* _GOAL OF THE EXERCISE_: Find the line that holds "Some of the words", then repeat it and each line below it word for word through the end of the listing, leaving out pictures.

* _DATA LISTING_:

::::::::::

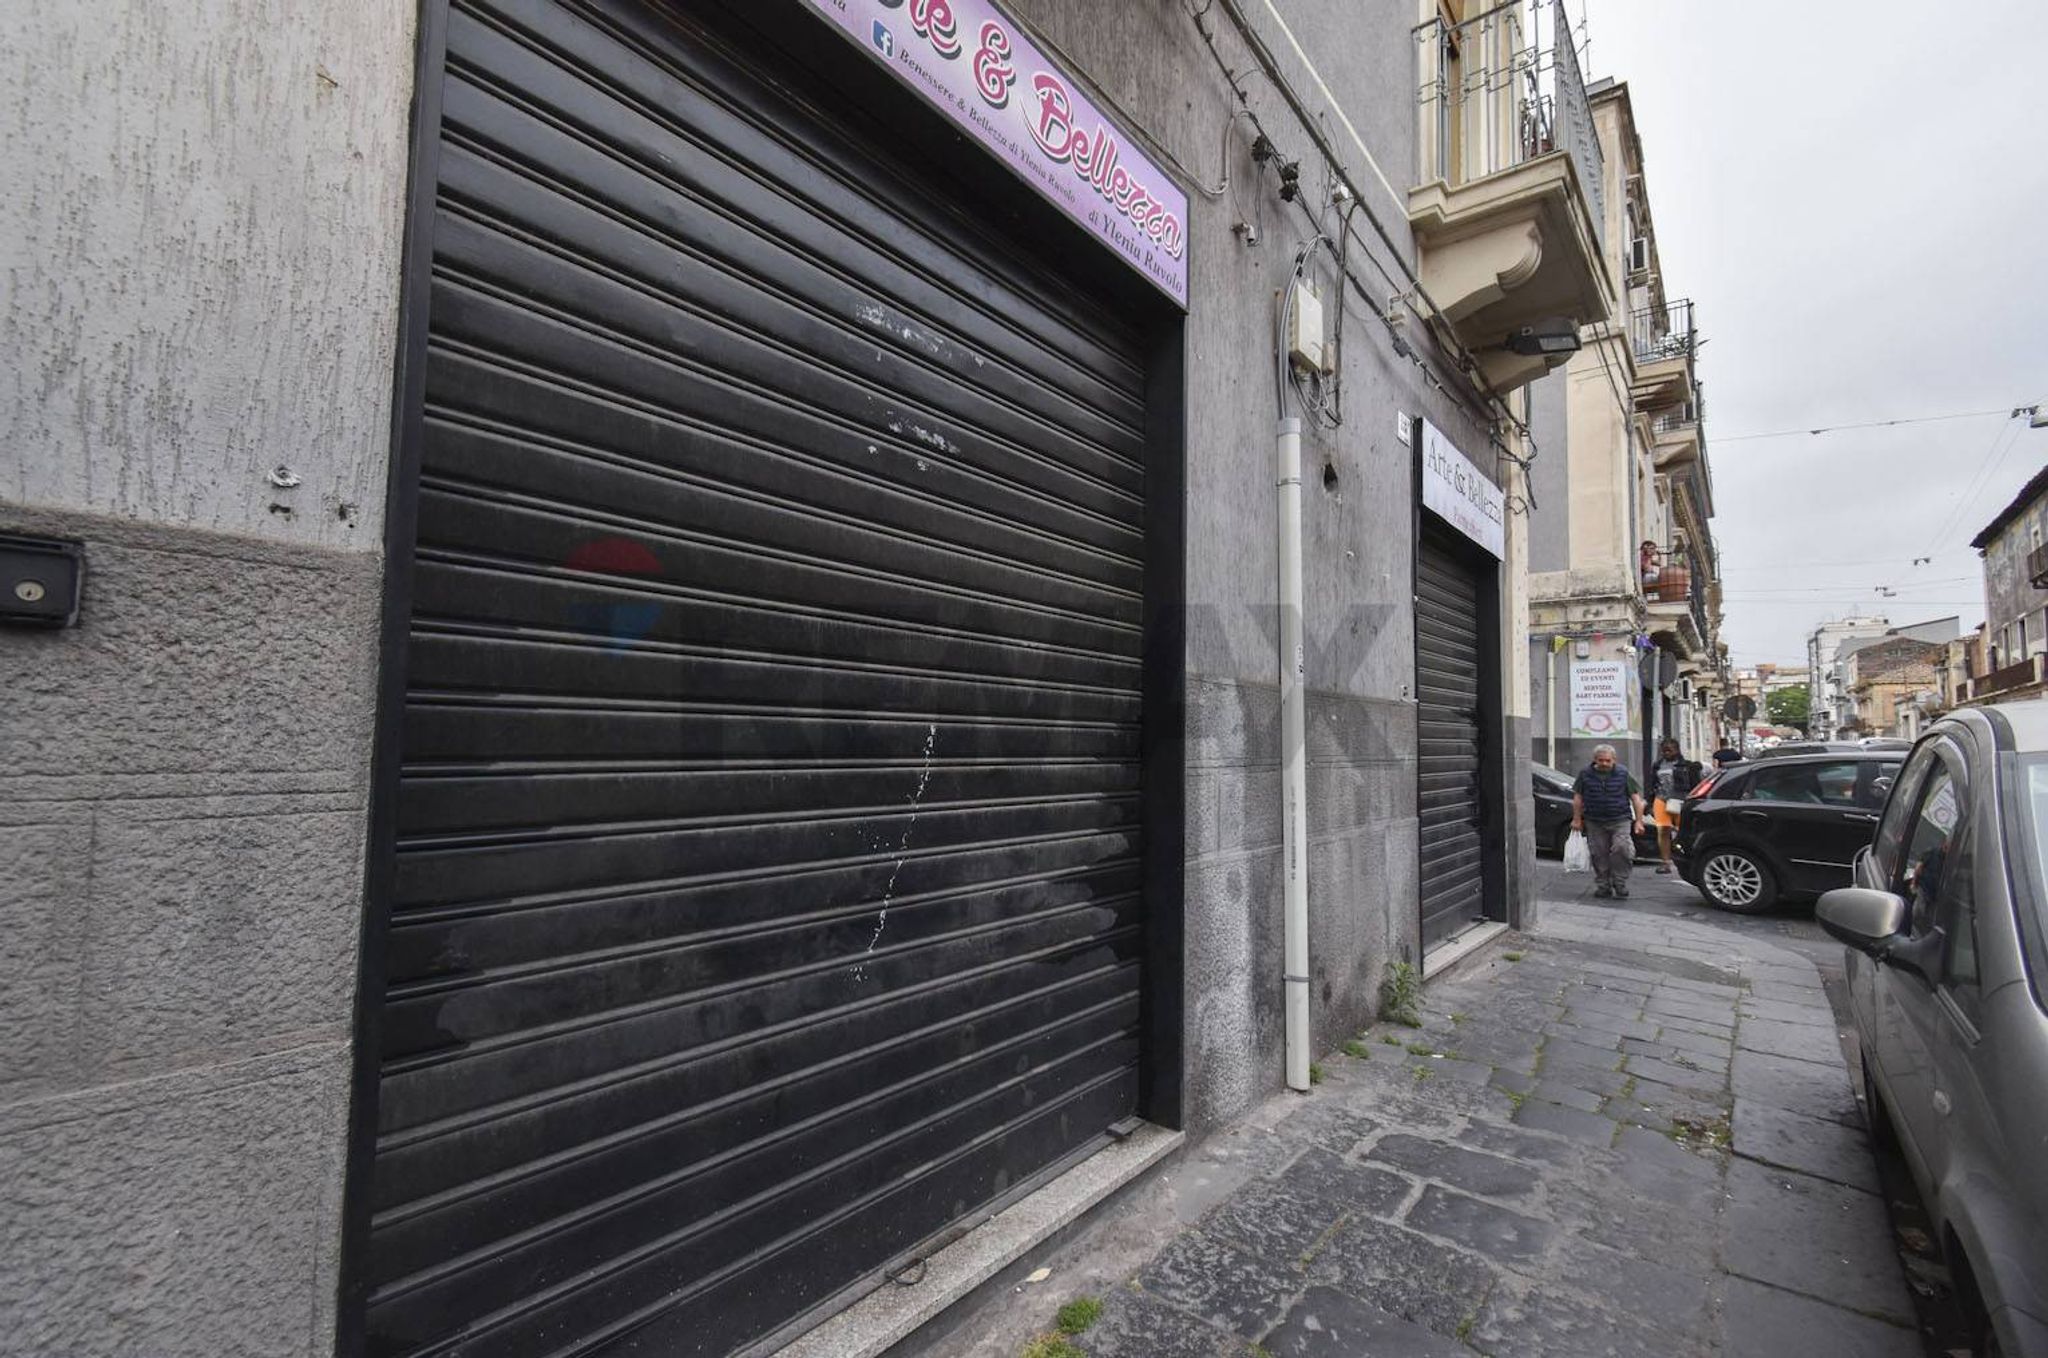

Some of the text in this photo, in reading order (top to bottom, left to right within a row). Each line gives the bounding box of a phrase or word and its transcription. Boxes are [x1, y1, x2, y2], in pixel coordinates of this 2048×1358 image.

[900, 49, 1075, 203] Benessere & Bellezza di Ylenia Ruvolo
[1019, 72, 1183, 260] Bellezza
[1088, 210, 1182, 293] di Ylenia Ruvolo
[1428, 438, 1453, 486] Arte
[1454, 462, 1466, 497] &
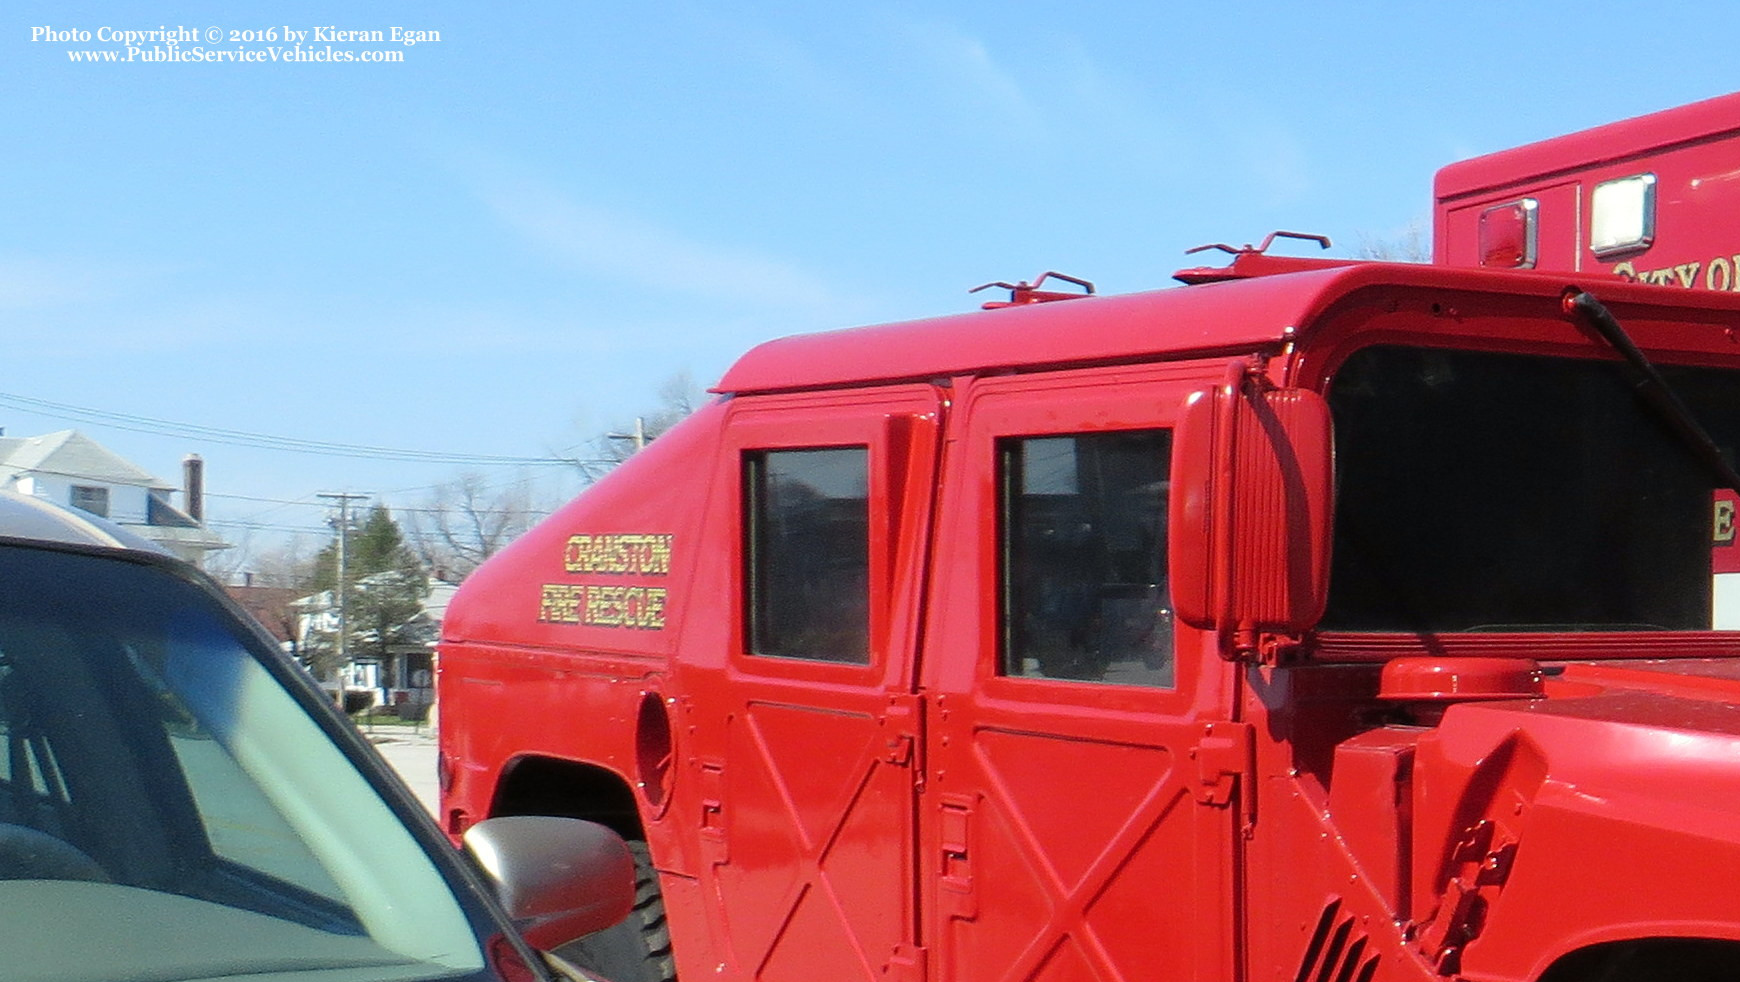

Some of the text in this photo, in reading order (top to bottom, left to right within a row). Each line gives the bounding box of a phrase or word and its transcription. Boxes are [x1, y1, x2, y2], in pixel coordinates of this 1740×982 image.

[564, 533, 674, 576] CRANSTON
[537, 583, 667, 630] FIRE RESCUE
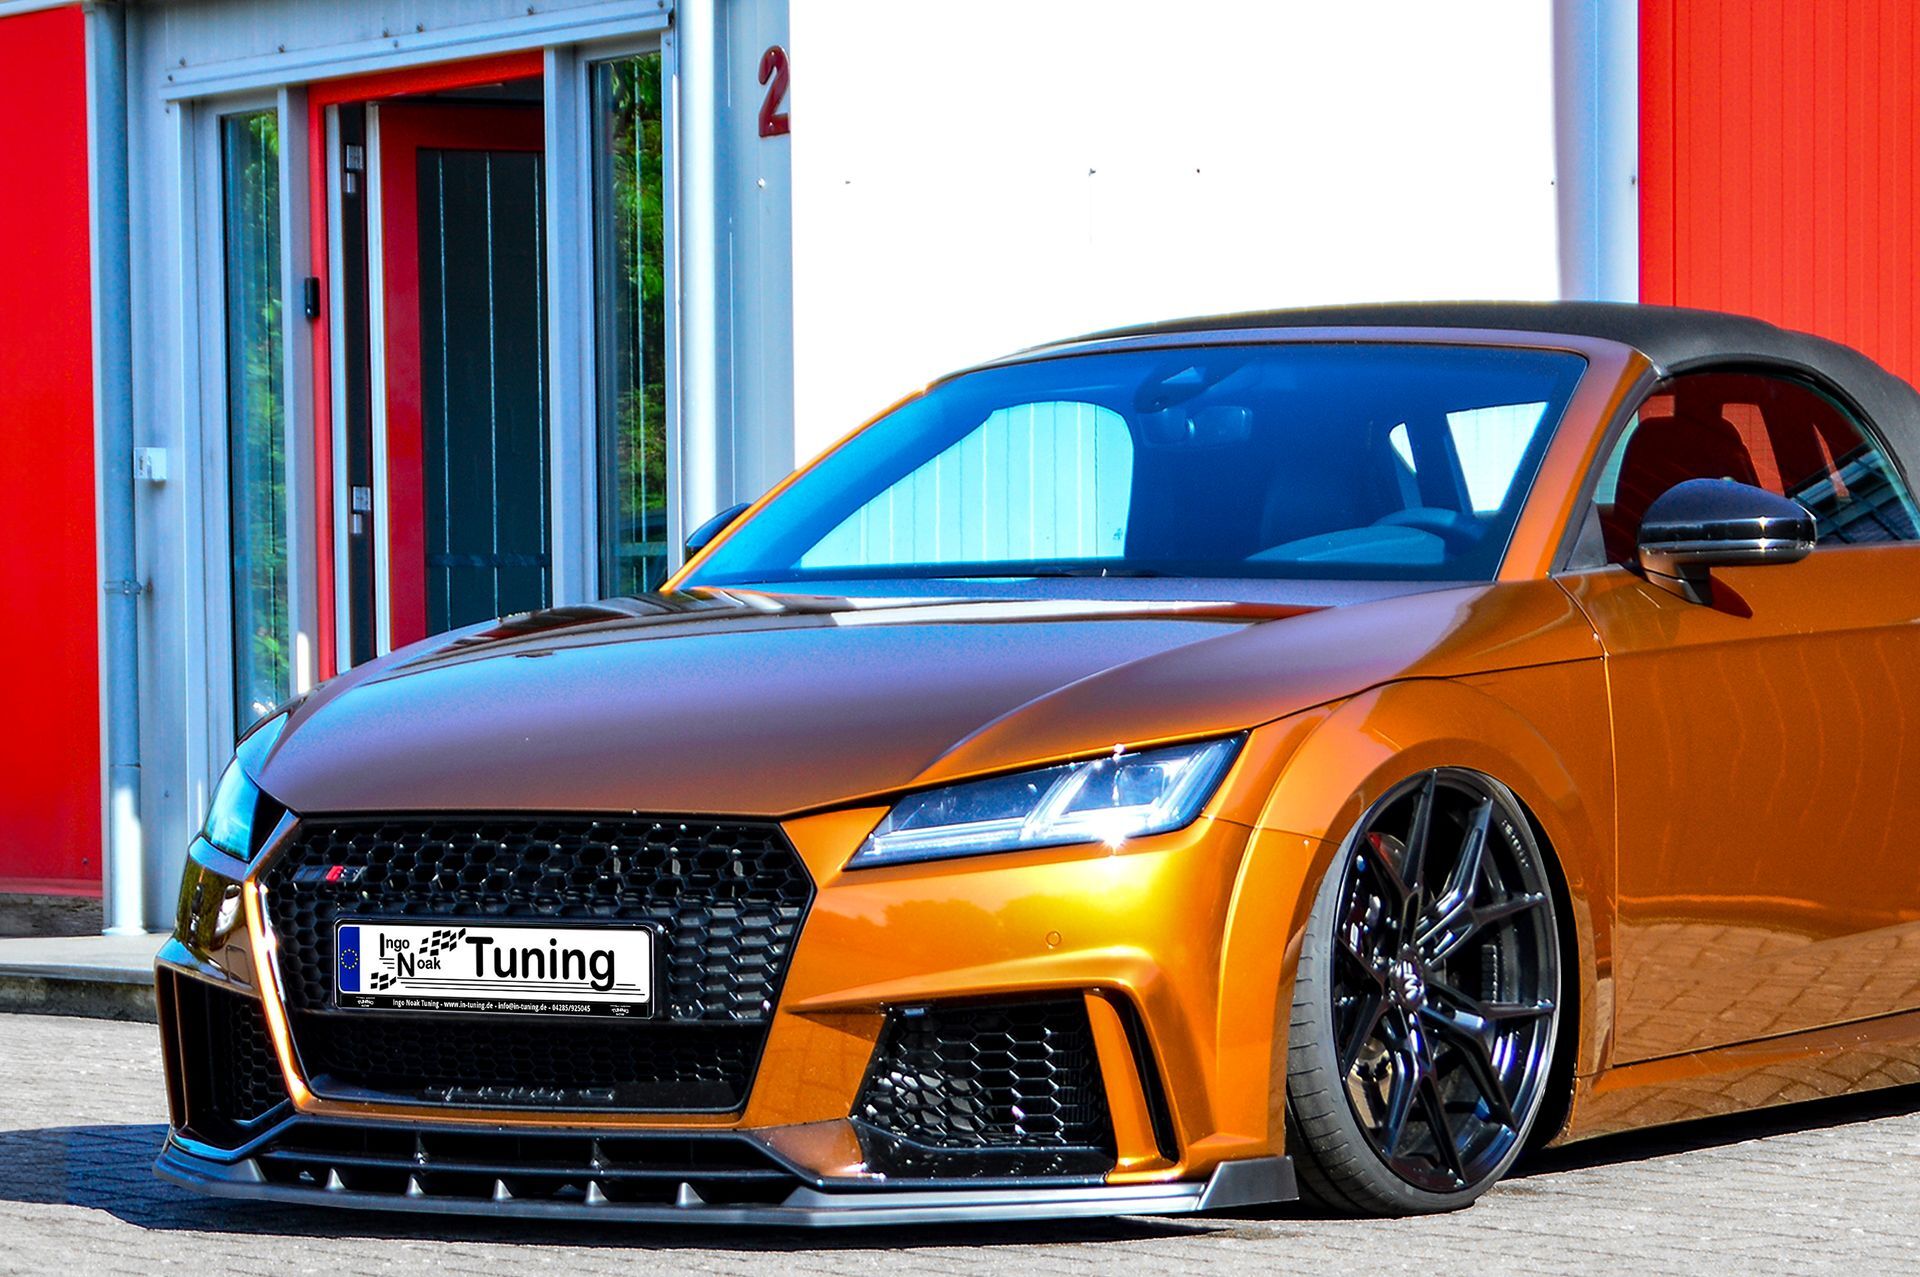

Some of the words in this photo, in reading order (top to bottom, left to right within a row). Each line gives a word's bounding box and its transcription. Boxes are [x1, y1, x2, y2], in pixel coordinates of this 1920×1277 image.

[758, 44, 790, 138] 2
[380, 933, 410, 957] Ingo
[397, 952, 441, 977] Noak
[465, 936, 615, 992] Tuning
[392, 998, 405, 1008] Ingo
[405, 999, 420, 1007] Noak
[421, 999, 439, 1009] Tuning
[551, 1004, 591, 1012] 04285/925045
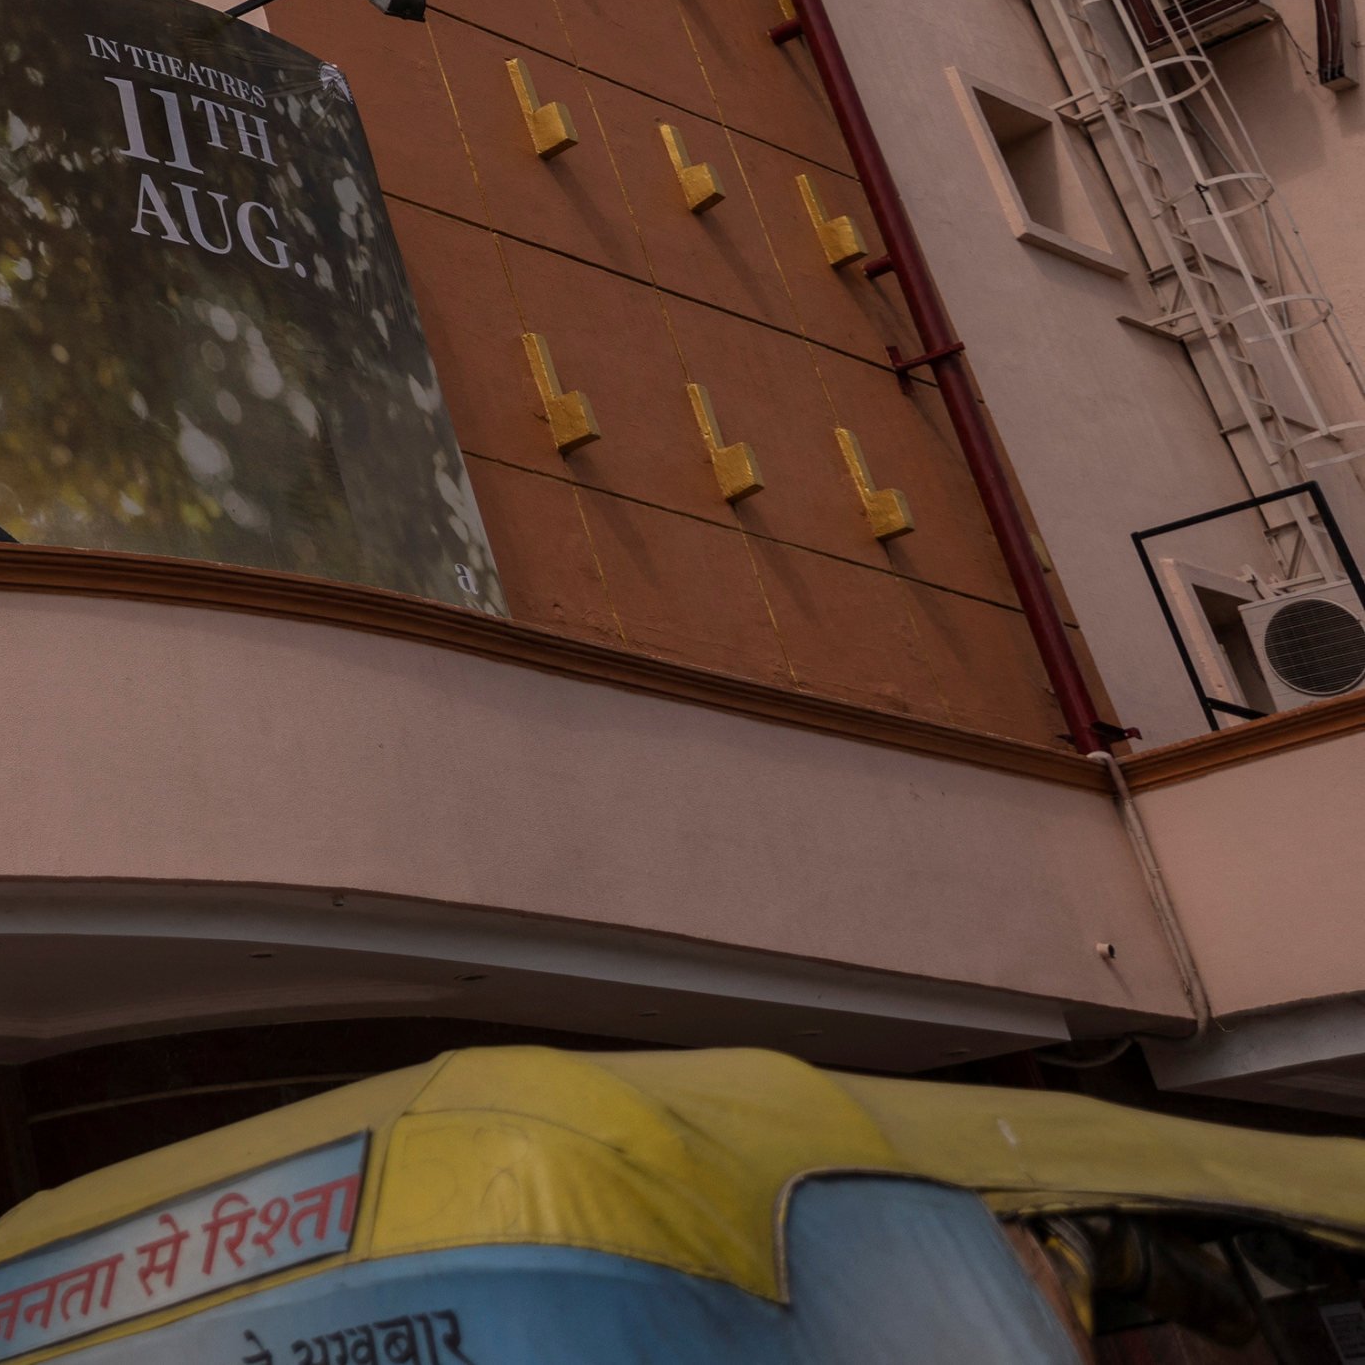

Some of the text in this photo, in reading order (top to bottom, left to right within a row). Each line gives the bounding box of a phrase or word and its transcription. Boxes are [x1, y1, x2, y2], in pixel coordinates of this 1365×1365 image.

::::::::::

* _SOLUTION FOR THIS PROBLEM_:
Some of the words in this photo, in reading order (top to bottom, left to right within a row). Each line gives a word's bounding box and its transcription. Boxes are [x1, y1, x2, y2], in pixel coordinates of this 1920×1277 image.

[758, 44, 790, 138] 2
[380, 933, 410, 957] Ingo
[397, 952, 441, 977] Noak
[465, 936, 615, 992] Tuning
[392, 998, 405, 1008] Ingo
[405, 999, 420, 1007] Noak
[421, 999, 439, 1009] Tuning
[551, 1004, 591, 1012] 04285/925045

Some of the text in this photo, in reading order (top to bottom, left to right within a row). Each line gives the bounding box of a phrase or word and its transcription. Boxes are [x1, y1, x2, y2], in pixel coordinates of this 1365×1365 image.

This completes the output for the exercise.